Monday 22 June 2015

The joys of interpretation

In our house we call it a visitation from the Voodoo Prince. You know, when something completely inexplicable happens. When you have ruled out all other explanations, what you are left with must be the truth, however improbable.

Today I spent most of the day writing this blog. And then the Voodoo Prince caused Blogger to reload my blog, and present me with a blank page. There was nothing for it but to sit and scratch my head for an hour or so, and start again. So please forgive me if some of the pictures get rather less accompanying text than usual this time! And I am going to roll both groups into one for the purposes of this last blog. So here goes!

On The Road in Ingleton


The third of our "On The Road" events took us to the peaceful village of Ingleton, with its impressive viaduct and beautiful views.



We had a full complement of helpers running the shop, cafe, milling demo and banner display, and we did some baking in the well appointed kitchen in the Community Centre.








Try your strength with the heavy rocks.


Not every day you get the chance to talk to a real live author.

After a fairly slow start, we had a steady trickle of visitors, and I even managed to get two people to have a go kneading. One elderly lady who used to bake a long time ago was convinced she couldn't manage it now, but eventually decided to have a try, and it is no exaggeration to say her face lit up. It certainly seemed to be taking her back to another time in her  life. This made my day, I have to say, and I am glad I persisted with the idea of providing some "play" dough for the public to have a go with. And we had some bread-tasters who insisted on having nothing on the bread so they could fully appreciate the flavour. And one old gent who said he had lost his taste buds still wanted to have a taste because he still got pleasure from the texture of good bread. Now that's what I call feedback!

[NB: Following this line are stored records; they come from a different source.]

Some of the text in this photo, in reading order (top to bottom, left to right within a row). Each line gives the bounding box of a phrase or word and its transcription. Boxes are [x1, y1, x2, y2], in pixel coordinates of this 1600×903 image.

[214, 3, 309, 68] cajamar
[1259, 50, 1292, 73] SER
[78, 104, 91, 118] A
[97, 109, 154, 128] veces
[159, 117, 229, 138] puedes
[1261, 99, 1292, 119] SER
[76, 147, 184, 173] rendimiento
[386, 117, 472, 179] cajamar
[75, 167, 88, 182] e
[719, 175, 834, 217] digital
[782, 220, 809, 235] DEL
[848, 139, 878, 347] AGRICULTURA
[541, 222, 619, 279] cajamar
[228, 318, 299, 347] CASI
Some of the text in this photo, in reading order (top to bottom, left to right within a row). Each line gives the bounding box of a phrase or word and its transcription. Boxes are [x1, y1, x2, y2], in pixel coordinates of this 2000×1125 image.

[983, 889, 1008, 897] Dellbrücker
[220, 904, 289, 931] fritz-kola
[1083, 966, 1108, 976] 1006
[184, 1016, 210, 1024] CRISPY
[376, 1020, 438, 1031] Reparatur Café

In the afternoon we had a very lively and interesting talk about mining in Cumbria by Ian Tyler. He brought some samples of rocks along, including some which were unbelievably heavy for their size. He introduced these rocks with related stories, and illustrated the whole thing with slides, mostly old pictures of Cumbrian mines. He picked up one stone and asked "Has anyone had a barium meal?" to which the answer from the back of the hall was "no - we've all had sandwiches".

Very entertaining!

At the end of the day some of us had a stroll round the shops, where the highlight was a notice in the back of the cake shop which read "There are 2 kinds of people, and I don't like them".

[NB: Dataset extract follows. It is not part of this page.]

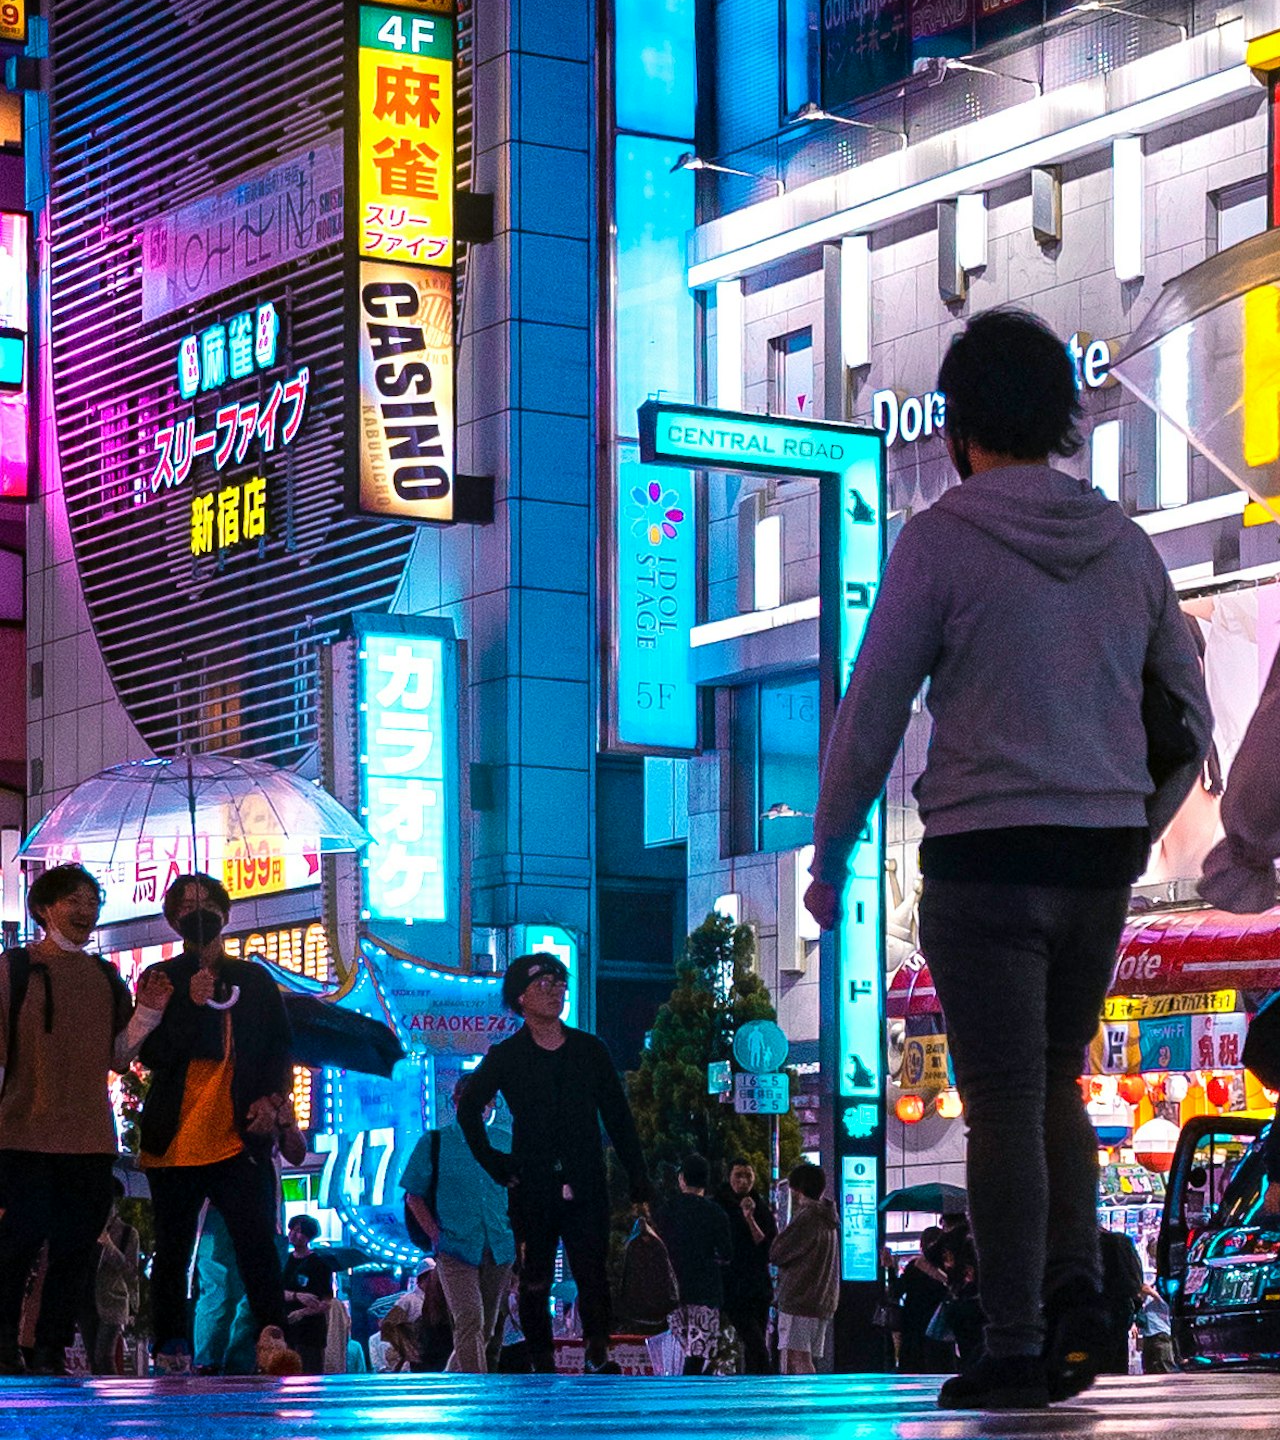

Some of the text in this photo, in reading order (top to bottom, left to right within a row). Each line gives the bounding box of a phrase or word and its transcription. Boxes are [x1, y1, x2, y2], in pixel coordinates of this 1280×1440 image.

Then it was time for fish and chips followed by the 3 plays on tramping themes, which were receiving their final airing, complete with pipe and fiddle music.

Favourite recipe swap shop


This recipe was shared by a member of Bread of Heron. We like our recipes hand made, like our bread.



Allowing for failing eyesight, I read that as follows -

Courgette and crouton salad with Parmesan and mint


4 slices bread
100 ml olive oil
3 cloves garlic
S + P
Juice of 1-2 lemons plus zest of 1/2 a lemon
Half a med red onion, shaved wafer thin
2 ditto courgettes cut into 1/2 moons
Handful mints [Shurely shome mishtake here? - Ed]
Pine nuts
5 tbs olive oil
1-2 handfuls Parmesan shaved

Method


Gas mark 2
Bread 1" cubes
In bowl stir tog 100 ml olive oil with 2 cloves garlic crushed S + P
Toss bread cubes, on a baking sheet, and cook 20 mins turning 1/2 way through cooking
Put onion in salad bowl with lemon + zest + garlic + seasoning
Fry courgettes
All ingredients tog
Shavings on top

That is all so clear! And I just love the economical use of language: "All ingredients tog". And "courgettes cut into 1/2 moons" has something of the Elizabeth David about it. It makes me think of her "melt some tomatoes in olive oil", which is about all she had to say about making tomato soup.

I think I might go wrong with the last line, though - "Shavings on top".

Open to interpretation


It's not just recipes that need to be interpreted. Here is a fragment of music where the performer is asked to "almost shout". The first performance is a relatively straightforward version. You can certainly feel the shout in that, I think. This next person takes a much more full-throated approach though: pin back your lug holes. Who is to say which is right?

One thing that we have seen time and time again at Bread of Heron is that two people starting with the same recipe and the same ingredients will never end up with the same loaf. Here we see me and my daughter Rosie making a rye, ale and oats loaf. Mine looks like Mr Potato, and Rosie's looks like E.T.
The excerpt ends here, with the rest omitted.